Task to complete: Repeat each line of the material exactly.

Extracted records:

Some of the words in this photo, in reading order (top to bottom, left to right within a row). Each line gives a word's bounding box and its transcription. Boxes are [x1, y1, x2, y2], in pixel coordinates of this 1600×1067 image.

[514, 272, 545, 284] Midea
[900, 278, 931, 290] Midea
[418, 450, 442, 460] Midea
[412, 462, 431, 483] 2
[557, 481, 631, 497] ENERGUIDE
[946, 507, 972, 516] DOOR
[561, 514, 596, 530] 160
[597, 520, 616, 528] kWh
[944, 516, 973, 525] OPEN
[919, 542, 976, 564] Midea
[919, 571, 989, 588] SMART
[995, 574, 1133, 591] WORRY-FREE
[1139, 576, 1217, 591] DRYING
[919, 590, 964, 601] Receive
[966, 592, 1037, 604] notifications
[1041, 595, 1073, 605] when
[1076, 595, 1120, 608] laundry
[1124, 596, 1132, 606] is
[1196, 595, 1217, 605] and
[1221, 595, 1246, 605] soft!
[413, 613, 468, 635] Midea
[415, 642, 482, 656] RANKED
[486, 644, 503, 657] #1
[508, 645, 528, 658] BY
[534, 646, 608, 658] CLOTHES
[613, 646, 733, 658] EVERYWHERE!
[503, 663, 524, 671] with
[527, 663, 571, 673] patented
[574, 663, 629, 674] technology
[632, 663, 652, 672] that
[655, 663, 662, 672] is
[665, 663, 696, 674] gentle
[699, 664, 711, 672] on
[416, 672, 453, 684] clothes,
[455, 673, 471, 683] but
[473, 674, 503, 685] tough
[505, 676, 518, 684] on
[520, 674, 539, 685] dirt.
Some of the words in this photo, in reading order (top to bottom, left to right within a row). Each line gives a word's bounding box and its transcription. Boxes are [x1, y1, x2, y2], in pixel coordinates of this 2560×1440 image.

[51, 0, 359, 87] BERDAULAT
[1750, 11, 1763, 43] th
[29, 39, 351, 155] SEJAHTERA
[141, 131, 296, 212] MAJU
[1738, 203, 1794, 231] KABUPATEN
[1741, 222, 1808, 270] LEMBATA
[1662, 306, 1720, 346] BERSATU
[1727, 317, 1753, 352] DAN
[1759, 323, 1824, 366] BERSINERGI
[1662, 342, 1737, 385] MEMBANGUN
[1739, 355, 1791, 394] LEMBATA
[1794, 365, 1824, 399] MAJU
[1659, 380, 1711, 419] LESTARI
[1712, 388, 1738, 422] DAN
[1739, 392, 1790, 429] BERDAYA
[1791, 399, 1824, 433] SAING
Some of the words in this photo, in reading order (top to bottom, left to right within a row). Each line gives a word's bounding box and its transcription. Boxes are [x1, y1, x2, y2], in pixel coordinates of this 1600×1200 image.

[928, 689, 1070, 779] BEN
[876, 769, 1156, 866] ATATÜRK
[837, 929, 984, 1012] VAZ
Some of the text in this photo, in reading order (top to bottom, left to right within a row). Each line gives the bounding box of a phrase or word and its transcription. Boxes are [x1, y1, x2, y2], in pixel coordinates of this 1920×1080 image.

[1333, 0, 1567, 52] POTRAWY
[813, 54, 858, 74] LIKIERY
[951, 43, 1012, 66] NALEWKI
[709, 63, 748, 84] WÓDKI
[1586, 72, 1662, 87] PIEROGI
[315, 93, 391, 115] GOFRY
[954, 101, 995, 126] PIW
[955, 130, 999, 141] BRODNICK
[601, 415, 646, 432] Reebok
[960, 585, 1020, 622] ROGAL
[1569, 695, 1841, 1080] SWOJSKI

Answer below:
Some of the words in this photo, in reading order (top to bottom, left to right within a row). Each line gives a word's bounding box and its transcription. Boxes are [x1, y1, x2, y2], in pixel coordinates of this 1600×1067 image.

[514, 272, 545, 284] Midea
[900, 278, 931, 290] Midea
[418, 450, 442, 460] Midea
[412, 462, 431, 483] 2
[557, 481, 631, 497] ENERGUIDE
[946, 507, 972, 516] DOOR
[561, 514, 596, 530] 160
[597, 520, 616, 528] kWh
[944, 516, 973, 525] OPEN
[919, 542, 976, 564] Midea
[919, 571, 989, 588] SMART
[995, 574, 1133, 591] WORRY-FREE
[1139, 576, 1217, 591] DRYING
[919, 590, 964, 601] Receive
[966, 592, 1037, 604] notifications
[1041, 595, 1073, 605] when
[1076, 595, 1120, 608] laundry
[1124, 596, 1132, 606] is
[1196, 595, 1217, 605] and
[1221, 595, 1246, 605] soft!
[413, 613, 468, 635] Midea
[415, 642, 482, 656] RANKED
[486, 644, 503, 657] #1
[508, 645, 528, 658] BY
[534, 646, 608, 658] CLOTHES
[613, 646, 733, 658] EVERYWHERE!
[503, 663, 524, 671] with
[527, 663, 571, 673] patented
[574, 663, 629, 674] technology
[632, 663, 652, 672] that
[655, 663, 662, 672] is
[665, 663, 696, 674] gentle
[699, 664, 711, 672] on
[416, 672, 453, 684] clothes,
[455, 673, 471, 683] but
[473, 674, 503, 685] tough
[505, 676, 518, 684] on
[520, 674, 539, 685] dirt.
Some of the words in this photo, in reading order (top to bottom, left to right within a row). Each line gives a word's bounding box and its transcription. Boxes are [x1, y1, x2, y2], in pixel coordinates of this 2560×1440 image.

[51, 0, 359, 87] BERDAULAT
[1750, 11, 1763, 43] th
[29, 39, 351, 155] SEJAHTERA
[141, 131, 296, 212] MAJU
[1738, 203, 1794, 231] KABUPATEN
[1741, 222, 1808, 270] LEMBATA
[1662, 306, 1720, 346] BERSATU
[1727, 317, 1753, 352] DAN
[1759, 323, 1824, 366] BERSINERGI
[1662, 342, 1737, 385] MEMBANGUN
[1739, 355, 1791, 394] LEMBATA
[1794, 365, 1824, 399] MAJU
[1659, 380, 1711, 419] LESTARI
[1712, 388, 1738, 422] DAN
[1739, 392, 1790, 429] BERDAYA
[1791, 399, 1824, 433] SAING
Some of the words in this photo, in reading order (top to bottom, left to right within a row). Each line gives a word's bounding box and its transcription. Boxes are [x1, y1, x2, y2], in pixel coordinates of this 1600×1200 image.

[928, 689, 1070, 779] BEN
[876, 769, 1156, 866] ATATÜRK
[837, 929, 984, 1012] VAZ
Some of the text in this photo, in reading order (top to bottom, left to right within a row). Each line gives the bounding box of a phrase or word and its transcription. Boxes are [x1, y1, x2, y2], in pixel coordinates of this 1920×1080 image.

[1333, 0, 1567, 52] POTRAWY
[813, 54, 858, 74] LIKIERY
[951, 43, 1012, 66] NALEWKI
[709, 63, 748, 84] WÓDKI
[1586, 72, 1662, 87] PIEROGI
[315, 93, 391, 115] GOFRY
[954, 101, 995, 126] PIW
[955, 130, 999, 141] BRODNICK
[601, 415, 646, 432] Reebok
[960, 585, 1020, 622] ROGAL
[1569, 695, 1841, 1080] SWOJSKI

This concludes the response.